Researchers recreated the process of cell division in a test tube and identified that the TPX2 protein, elevated in a quarter of cancers, is essential for the correct formation of spindles required in cell division. The teams hope this discovery could inform future cancer therapies that focus on modulating cell division.
…poor patient outcomes associated with raised TPX2 levels may be due to the process of cell division becoming too quick and easy in cancerous cells”
The pair of papers from Princeton University, US, explore the process of cell division, commonly aberrant in cancers. Spindles are essential for chromosomes to be split equally during cell division and are formed of many microfilaments, called microtubules. In order to ensure that the microfilaments grow towards the chromosomes, they are formed through branching microtubule nucleation, in which a new microtubule forms directly beside an existing one.
Branching microtubule nucleation relies on multiple pieces of molecular machinery, including:
- the gamma-tubulin ring complex (γ-TuRC), which initiates the assembly of tubulin molecules into microtubules
- the augmin complex, that recruits γ-TuRC to the side of existing microtubules
- a protein called TPX2, with a previously unknown role.

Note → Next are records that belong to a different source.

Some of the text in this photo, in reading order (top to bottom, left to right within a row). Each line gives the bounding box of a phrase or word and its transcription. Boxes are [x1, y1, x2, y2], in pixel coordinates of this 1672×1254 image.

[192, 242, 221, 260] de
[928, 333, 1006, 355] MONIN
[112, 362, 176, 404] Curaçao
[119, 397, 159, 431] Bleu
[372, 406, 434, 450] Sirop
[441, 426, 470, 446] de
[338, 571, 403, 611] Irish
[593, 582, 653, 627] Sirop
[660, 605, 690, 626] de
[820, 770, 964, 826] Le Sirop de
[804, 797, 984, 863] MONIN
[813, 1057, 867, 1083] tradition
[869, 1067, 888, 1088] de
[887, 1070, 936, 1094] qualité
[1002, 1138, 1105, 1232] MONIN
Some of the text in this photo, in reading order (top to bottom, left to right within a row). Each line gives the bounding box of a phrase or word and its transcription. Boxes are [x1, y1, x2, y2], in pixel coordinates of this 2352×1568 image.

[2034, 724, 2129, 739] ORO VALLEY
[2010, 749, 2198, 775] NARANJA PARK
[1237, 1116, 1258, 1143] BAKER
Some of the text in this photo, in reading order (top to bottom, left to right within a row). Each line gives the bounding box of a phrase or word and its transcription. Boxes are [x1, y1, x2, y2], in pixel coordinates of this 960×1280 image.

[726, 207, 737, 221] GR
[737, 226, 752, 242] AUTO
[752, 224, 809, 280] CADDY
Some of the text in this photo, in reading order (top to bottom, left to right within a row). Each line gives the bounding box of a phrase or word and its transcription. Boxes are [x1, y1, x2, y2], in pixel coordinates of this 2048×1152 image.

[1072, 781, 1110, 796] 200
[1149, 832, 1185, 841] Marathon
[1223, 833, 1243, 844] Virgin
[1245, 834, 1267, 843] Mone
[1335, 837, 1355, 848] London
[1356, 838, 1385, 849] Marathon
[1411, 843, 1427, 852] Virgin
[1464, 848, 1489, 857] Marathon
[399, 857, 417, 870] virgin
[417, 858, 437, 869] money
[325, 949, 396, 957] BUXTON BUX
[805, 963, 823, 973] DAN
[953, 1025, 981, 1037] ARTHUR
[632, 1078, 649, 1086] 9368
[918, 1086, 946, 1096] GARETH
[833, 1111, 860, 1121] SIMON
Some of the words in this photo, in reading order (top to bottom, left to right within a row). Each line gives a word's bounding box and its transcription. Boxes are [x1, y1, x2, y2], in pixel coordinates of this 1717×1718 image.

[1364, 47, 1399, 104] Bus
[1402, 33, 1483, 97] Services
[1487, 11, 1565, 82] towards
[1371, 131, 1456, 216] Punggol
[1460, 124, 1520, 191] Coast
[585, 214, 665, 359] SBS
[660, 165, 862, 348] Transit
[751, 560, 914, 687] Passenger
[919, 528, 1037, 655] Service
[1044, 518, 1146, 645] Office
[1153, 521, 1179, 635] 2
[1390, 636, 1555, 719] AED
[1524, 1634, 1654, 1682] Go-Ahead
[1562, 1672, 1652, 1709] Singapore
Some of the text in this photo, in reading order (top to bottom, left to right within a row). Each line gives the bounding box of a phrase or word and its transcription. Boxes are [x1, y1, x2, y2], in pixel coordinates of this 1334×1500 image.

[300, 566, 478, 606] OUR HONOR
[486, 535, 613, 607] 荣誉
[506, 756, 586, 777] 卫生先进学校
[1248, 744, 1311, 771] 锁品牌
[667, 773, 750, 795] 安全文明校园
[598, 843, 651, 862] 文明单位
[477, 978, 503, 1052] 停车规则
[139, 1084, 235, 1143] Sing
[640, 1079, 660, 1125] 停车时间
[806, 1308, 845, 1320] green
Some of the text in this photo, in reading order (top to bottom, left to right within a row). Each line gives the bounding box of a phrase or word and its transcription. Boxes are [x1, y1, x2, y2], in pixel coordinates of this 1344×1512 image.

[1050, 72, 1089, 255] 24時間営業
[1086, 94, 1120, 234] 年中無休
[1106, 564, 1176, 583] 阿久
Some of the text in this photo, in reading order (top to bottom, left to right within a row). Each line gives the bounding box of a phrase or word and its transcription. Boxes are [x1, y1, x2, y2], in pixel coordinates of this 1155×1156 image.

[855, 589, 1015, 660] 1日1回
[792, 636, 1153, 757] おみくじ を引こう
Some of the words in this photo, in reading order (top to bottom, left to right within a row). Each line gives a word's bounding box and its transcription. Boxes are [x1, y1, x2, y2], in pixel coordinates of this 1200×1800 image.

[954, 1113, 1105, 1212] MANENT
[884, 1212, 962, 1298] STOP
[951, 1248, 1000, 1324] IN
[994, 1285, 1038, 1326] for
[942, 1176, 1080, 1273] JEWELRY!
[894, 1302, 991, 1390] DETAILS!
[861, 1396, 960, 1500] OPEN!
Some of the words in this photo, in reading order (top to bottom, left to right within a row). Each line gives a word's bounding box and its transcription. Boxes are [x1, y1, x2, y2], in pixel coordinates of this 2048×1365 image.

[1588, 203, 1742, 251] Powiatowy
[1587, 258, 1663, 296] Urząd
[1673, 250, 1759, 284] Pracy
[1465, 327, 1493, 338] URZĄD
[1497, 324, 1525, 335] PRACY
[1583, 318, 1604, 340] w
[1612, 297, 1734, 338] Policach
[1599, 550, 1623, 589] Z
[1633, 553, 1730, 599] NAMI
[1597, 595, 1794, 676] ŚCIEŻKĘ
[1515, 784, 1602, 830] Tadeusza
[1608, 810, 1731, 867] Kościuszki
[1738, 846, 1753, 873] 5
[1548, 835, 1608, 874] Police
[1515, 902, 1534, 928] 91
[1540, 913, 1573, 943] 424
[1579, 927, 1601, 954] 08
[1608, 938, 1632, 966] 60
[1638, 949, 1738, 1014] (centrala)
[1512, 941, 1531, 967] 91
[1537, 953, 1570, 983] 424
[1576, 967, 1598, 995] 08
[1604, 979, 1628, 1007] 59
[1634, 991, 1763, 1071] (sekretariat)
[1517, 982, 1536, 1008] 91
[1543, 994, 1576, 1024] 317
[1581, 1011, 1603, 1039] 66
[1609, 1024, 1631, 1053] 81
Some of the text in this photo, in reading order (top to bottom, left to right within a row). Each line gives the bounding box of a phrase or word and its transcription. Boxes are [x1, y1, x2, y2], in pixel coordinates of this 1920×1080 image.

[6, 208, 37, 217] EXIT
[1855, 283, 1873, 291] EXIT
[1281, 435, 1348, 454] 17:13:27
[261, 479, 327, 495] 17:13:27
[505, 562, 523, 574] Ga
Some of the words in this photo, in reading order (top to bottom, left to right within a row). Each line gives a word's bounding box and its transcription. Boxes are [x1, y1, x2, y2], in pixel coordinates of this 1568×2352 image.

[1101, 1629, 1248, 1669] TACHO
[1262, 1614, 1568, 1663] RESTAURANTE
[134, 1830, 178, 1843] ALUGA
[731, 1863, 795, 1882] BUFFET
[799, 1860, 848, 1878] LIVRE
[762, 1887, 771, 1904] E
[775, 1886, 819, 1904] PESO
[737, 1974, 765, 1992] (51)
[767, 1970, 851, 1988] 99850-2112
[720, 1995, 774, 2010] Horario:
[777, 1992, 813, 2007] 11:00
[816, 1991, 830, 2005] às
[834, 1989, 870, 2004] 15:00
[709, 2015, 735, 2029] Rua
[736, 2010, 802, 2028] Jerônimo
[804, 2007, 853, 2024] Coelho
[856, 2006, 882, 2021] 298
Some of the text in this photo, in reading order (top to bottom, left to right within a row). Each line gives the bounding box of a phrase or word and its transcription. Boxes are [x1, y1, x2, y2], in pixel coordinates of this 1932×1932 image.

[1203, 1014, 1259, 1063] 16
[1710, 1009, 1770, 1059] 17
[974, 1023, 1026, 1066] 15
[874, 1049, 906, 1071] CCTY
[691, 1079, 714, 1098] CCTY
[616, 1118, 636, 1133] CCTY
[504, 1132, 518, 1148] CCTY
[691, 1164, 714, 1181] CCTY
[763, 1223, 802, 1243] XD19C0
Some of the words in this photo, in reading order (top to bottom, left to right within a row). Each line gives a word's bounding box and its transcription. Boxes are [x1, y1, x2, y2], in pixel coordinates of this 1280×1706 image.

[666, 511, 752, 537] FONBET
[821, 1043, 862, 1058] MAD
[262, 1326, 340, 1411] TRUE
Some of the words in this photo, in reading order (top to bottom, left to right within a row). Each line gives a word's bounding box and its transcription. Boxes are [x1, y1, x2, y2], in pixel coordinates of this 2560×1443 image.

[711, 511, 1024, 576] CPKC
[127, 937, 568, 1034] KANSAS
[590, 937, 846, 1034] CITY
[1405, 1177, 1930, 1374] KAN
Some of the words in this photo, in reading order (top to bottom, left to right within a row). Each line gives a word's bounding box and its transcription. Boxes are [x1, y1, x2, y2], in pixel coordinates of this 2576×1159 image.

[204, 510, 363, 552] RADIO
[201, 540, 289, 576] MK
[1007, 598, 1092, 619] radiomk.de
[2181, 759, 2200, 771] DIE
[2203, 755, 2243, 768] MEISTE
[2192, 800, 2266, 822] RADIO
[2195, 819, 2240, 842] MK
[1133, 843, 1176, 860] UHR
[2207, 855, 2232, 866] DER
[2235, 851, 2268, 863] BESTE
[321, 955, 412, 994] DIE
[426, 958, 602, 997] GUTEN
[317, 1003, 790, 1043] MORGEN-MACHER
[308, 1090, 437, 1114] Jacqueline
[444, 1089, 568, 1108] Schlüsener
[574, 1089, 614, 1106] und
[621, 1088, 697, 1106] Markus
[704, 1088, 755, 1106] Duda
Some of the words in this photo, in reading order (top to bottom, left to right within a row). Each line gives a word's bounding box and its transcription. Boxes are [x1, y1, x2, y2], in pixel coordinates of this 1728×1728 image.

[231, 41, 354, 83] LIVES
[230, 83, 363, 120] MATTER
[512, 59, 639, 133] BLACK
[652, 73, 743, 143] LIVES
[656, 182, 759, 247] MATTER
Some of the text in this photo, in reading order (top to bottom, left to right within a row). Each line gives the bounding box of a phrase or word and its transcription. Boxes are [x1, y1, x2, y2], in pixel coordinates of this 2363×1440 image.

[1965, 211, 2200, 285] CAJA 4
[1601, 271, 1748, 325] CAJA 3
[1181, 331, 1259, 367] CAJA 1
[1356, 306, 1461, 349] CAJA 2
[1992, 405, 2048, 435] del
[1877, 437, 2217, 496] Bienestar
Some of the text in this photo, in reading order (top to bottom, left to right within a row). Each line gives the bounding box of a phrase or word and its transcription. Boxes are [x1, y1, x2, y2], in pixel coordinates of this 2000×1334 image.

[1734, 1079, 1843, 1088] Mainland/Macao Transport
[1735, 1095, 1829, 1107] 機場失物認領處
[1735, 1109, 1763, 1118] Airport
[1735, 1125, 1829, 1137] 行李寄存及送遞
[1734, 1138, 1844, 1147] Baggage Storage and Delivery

In the study published in eLife, the authors show how they recreated branching microtubule nucleation in a test tube. They observed that TPX2 can also bind to microtubules and recruit γ-TuRC to initiate branching microtubule nucleation. They highlighted that TPX2 also helps recruit augmin to microtubules, further enhancing the recruitment of γ-TuRC. The researchers suggested that the poor patient outcomes associated with raised TPX2 levels may be due to the process of cell division becoming too quick and easy in cancerous cells.
“Branching microtubule nucleation therefore occurs most efficiently when augmin, TPX2 and γ-TuRC are all present,” Alfaro-Aco said. “Surprisingly, TPX2 lies at the very heart of controlling this reaction, despite being only a single protein amongst the large multi-subunit complexes augmin and γ-TuRC.”
“The study suggests that the co-condensation of TPX2 and tubulin creates a local reservoir of tubulin on a pre-existing microtubule that may be necessary to efficiently promote branching microtubule nucleation,” said Matthew King, Petry’s former graduate student.To further this, Petry and her colleagues published a paper in Nature Communications demonstrating that TPX2 behaves as a liquid, forming a layer on the surface of existing microtubules that beads up into tubulin-containing droplets. They identified that new microtubules can form from these droplets through branched microtubule nucleation.
Together, both studies reveal that TPX2 is a key driver of branching microtubule nucleation, which may guide future therapeutic efforts aimed at modulating cell division.
“In addition, our reconstitution of branching microtubule nucleation is an important step toward reconstituting the entire spindle apparatus, as well as other cellular structures that depend on this microtubule assembly pathway,” said Sabine Petry, assistant professor of molecular biology at Princeton Universisty.